# [WORK TO BE COMPLETED]
Return the entries below in full. Keep every word as it is.

# [DATASET EXTRACT]
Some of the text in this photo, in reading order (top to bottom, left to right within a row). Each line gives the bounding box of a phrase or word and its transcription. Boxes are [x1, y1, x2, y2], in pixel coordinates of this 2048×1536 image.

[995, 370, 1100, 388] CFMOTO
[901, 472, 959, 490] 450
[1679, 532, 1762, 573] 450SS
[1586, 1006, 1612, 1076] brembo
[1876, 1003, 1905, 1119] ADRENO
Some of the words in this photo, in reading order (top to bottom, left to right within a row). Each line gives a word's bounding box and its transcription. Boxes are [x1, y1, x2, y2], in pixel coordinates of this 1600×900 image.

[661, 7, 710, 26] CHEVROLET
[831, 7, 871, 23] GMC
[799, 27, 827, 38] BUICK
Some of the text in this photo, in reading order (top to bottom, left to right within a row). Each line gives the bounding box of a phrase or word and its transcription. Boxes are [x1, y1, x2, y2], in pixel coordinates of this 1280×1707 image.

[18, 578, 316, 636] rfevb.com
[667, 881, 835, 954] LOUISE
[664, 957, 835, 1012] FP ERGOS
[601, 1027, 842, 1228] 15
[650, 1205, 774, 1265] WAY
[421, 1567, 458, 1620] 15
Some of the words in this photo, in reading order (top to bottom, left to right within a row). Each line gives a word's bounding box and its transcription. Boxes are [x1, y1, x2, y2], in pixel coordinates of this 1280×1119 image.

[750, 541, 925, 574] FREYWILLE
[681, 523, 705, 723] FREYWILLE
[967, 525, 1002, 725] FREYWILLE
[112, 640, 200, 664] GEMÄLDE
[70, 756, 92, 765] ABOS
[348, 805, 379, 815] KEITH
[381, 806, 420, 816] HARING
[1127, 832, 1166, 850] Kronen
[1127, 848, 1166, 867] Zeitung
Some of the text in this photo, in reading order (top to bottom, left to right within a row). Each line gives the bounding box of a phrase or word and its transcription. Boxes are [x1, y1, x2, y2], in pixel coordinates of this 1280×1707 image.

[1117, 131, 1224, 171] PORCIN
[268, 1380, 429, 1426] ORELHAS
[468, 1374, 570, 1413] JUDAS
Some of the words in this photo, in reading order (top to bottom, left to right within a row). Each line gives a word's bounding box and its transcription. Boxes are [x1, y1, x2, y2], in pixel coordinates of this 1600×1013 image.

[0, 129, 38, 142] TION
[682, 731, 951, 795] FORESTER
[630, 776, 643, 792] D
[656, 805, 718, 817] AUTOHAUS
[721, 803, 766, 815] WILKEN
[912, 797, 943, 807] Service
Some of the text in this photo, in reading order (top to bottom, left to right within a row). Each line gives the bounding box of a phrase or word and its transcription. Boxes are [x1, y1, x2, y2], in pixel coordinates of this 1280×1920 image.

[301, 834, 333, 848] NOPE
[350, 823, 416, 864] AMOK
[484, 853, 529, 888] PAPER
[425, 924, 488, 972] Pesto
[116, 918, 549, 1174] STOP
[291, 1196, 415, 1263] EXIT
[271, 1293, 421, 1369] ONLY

# [SOLUTION TO THIS PROBLEM]
Some of the text in this photo, in reading order (top to bottom, left to right within a row). Each line gives the bounding box of a phrase or word and its transcription. Boxes are [x1, y1, x2, y2], in pixel coordinates of this 2048×1536 image.

[995, 370, 1100, 388] CFMOTO
[901, 472, 959, 490] 450
[1679, 532, 1762, 573] 450SS
[1586, 1006, 1612, 1076] brembo
[1876, 1003, 1905, 1119] ADRENO
Some of the words in this photo, in reading order (top to bottom, left to right within a row). Each line gives a word's bounding box and its transcription. Boxes are [x1, y1, x2, y2], in pixel coordinates of this 1600×900 image.

[661, 7, 710, 26] CHEVROLET
[831, 7, 871, 23] GMC
[799, 27, 827, 38] BUICK
Some of the text in this photo, in reading order (top to bottom, left to right within a row). Each line gives the bounding box of a phrase or word and its transcription. Boxes are [x1, y1, x2, y2], in pixel coordinates of this 1280×1707 image.

[18, 578, 316, 636] rfevb.com
[667, 881, 835, 954] LOUISE
[664, 957, 835, 1012] FP ERGOS
[601, 1027, 842, 1228] 15
[650, 1205, 774, 1265] WAY
[421, 1567, 458, 1620] 15
Some of the words in this photo, in reading order (top to bottom, left to right within a row). Each line gives a word's bounding box and its transcription. Boxes are [x1, y1, x2, y2], in pixel coordinates of this 1280×1119 image.

[750, 541, 925, 574] FREYWILLE
[681, 523, 705, 723] FREYWILLE
[967, 525, 1002, 725] FREYWILLE
[112, 640, 200, 664] GEMÄLDE
[70, 756, 92, 765] ABOS
[348, 805, 379, 815] KEITH
[381, 806, 420, 816] HARING
[1127, 832, 1166, 850] Kronen
[1127, 848, 1166, 867] Zeitung
Some of the text in this photo, in reading order (top to bottom, left to right within a row). Each line gives the bounding box of a phrase or word and its transcription. Boxes are [x1, y1, x2, y2], in pixel coordinates of this 1280×1707 image.

[1117, 131, 1224, 171] PORCIN
[268, 1380, 429, 1426] ORELHAS
[468, 1374, 570, 1413] JUDAS
Some of the words in this photo, in reading order (top to bottom, left to right within a row). Each line gives a word's bounding box and its transcription. Boxes are [x1, y1, x2, y2], in pixel coordinates of this 1600×1013 image.

[0, 129, 38, 142] TION
[682, 731, 951, 795] FORESTER
[630, 776, 643, 792] D
[656, 805, 718, 817] AUTOHAUS
[721, 803, 766, 815] WILKEN
[912, 797, 943, 807] Service
Some of the text in this photo, in reading order (top to bottom, left to right within a row). Each line gives the bounding box of a phrase or word and its transcription. Boxes are [x1, y1, x2, y2], in pixel coordinates of this 1280×1920 image.

[301, 834, 333, 848] NOPE
[350, 823, 416, 864] AMOK
[484, 853, 529, 888] PAPER
[425, 924, 488, 972] Pesto
[116, 918, 549, 1174] STOP
[291, 1196, 415, 1263] EXIT
[271, 1293, 421, 1369] ONLY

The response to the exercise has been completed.